Over the last few days we have packaged education data from the 2007 Peru Census ahead this weekend’s Desarrollando America Latina hackathon in Lima to make it easier for participants to make maps with it. This data is now ready to be used, and you can download shapefiles from developmentseed.org/peru-census-education. The ID’s used for each state, province, and district can be copied and pasted into results for other Census questions, which will save data processing and cleaning time this weekend.
To give you a sense of what is possible we started playing with the data ourselves. Ruben pulled data answering the question “what was the highest level of school you achieved” and used it to construct choropleth maps of responses from Peru’s 26 states, 195 provinces, and 1841 districts. There were eight possible responses to the Census question, ranging from no education, to completion of primary and secondary school, to completion of the university. We aggregated this raw data to create three maps showing completion of primary education, secondary education, and university, which are all available on developmentseed.org/peru-census-education.
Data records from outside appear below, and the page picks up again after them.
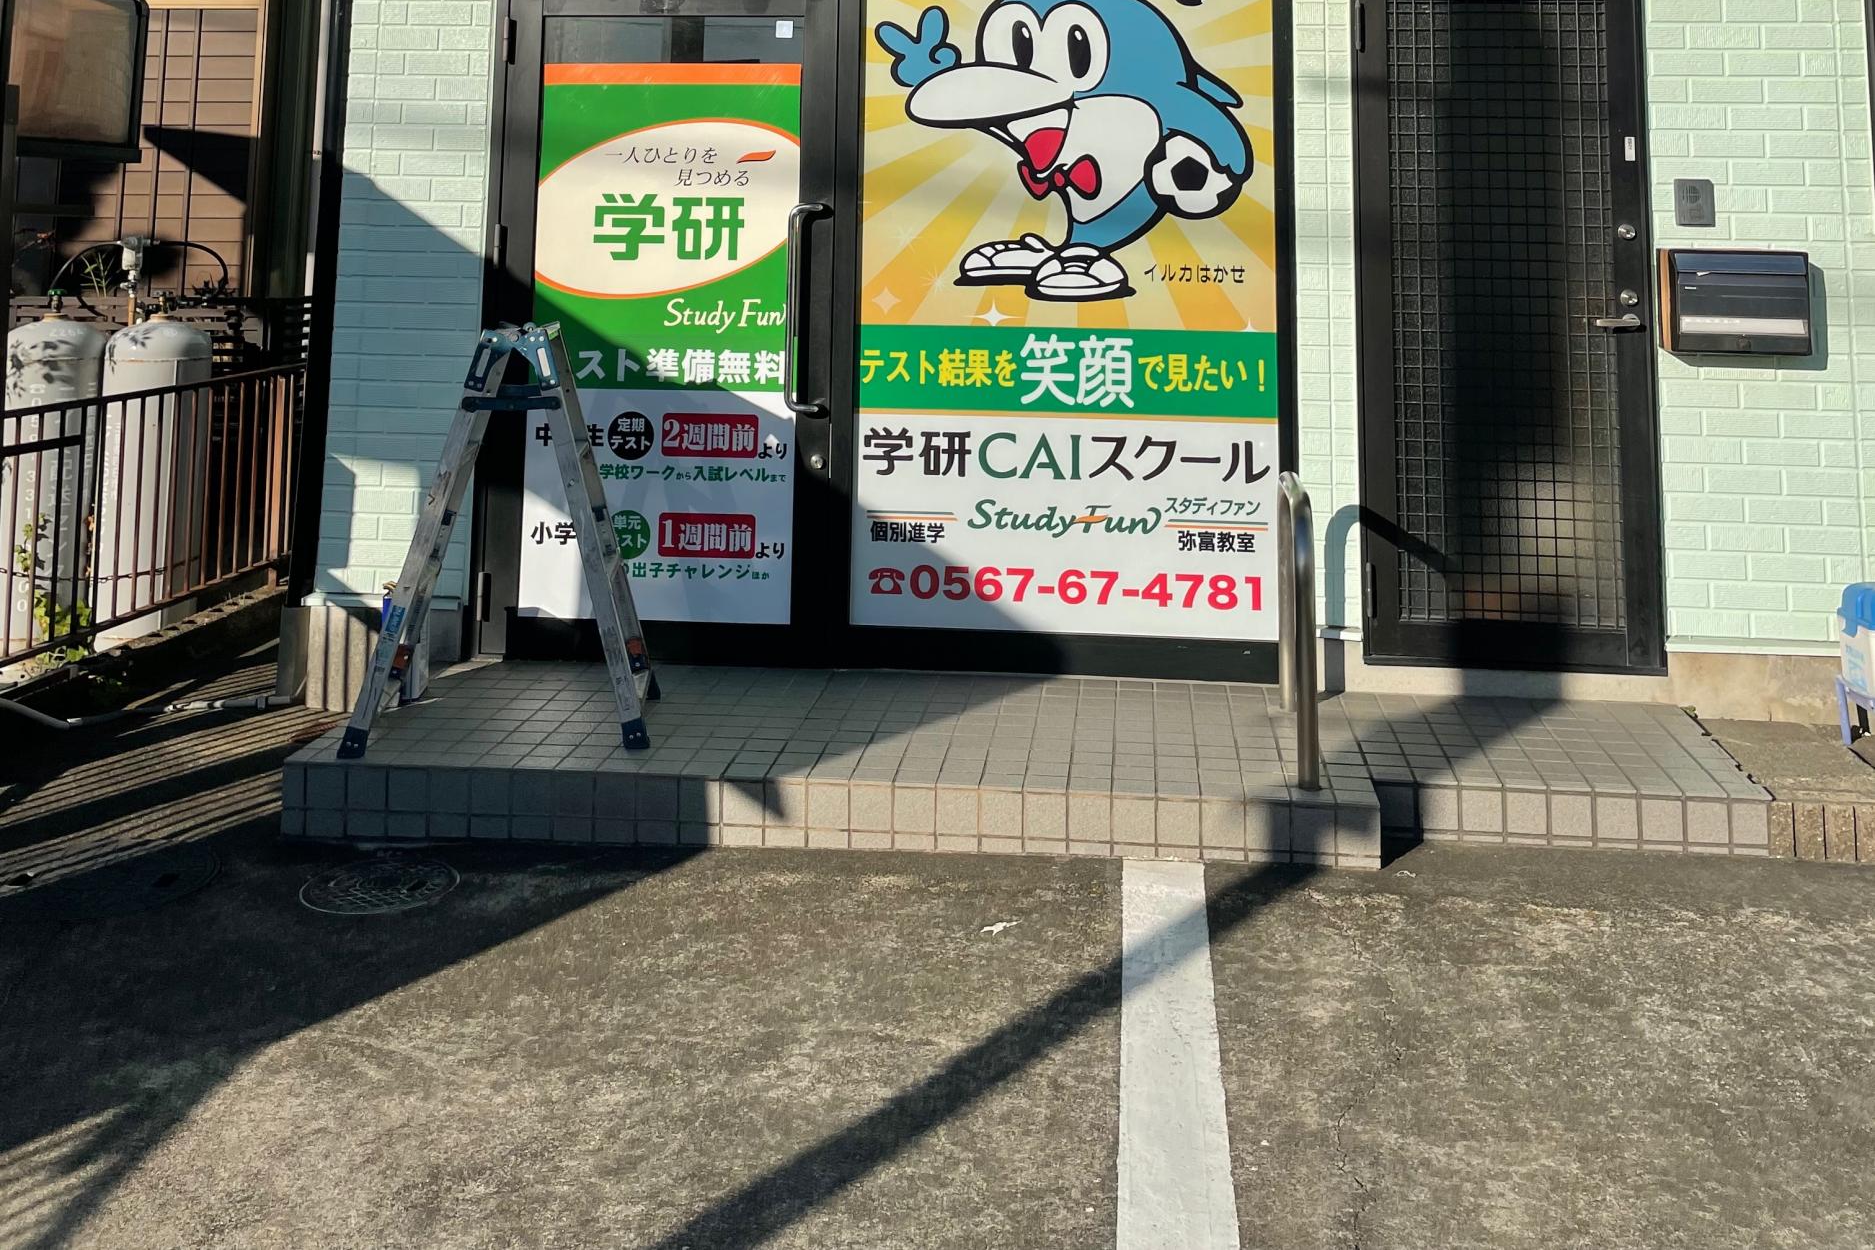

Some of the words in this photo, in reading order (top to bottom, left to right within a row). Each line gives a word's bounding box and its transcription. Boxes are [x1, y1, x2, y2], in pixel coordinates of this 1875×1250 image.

[604, 146, 718, 165] 一人ひとりを
[675, 169, 751, 187] 見つめる
[593, 193, 745, 261] 学研
[1143, 263, 1246, 285] イルカはかせ
[575, 347, 786, 386] スト準備無料
[617, 417, 646, 433] 定期
[662, 418, 756, 452] 2週間前
[610, 435, 652, 451] テスト
[862, 426, 1271, 484] 学研CAIスクール
[1164, 496, 1261, 517] スタディファン
[530, 521, 577, 546] 小学
[616, 533, 648, 549] スト
[661, 519, 753, 553] 1週間前
[869, 520, 945, 544] 個別進学
[1177, 530, 1257, 554] 弥富教室
[909, 563, 1263, 611] 0567-67-4781
The site is actually made up of nine separate maps grouped together in sets of three to create three composited maps, with raw maps available on MapBox Hosting. Each map shows state data on the lowest zoom. As you zoom in, province data is shown and finally district data. Each composite map consists of one map each for state, province, and district level results. Each of the three pre-composite maps is designed to only show data at certain zoom levels. We used three maps for each composite so we could change the data shown on the map and in the tooltips at different zoom levels.
For example, this map shows the percentage of people who completed the university in Peru’s different provinces, with the darker color representing higher numbers. departamento_universidad By Ruben Lopeza.tiles.mapbox.com
If you’re at Desarrollando America Latina in Lima tomorrow, look for myself and Ruben to talk about map design. We’ll have a TileMill appliance for people to use and will be on hand to help install TileMill on personal computers and provide some quick training to help people get started using it.
Big thanks to Ian Villeda + AJ for their help with map design and the development of the microsite built on Wax.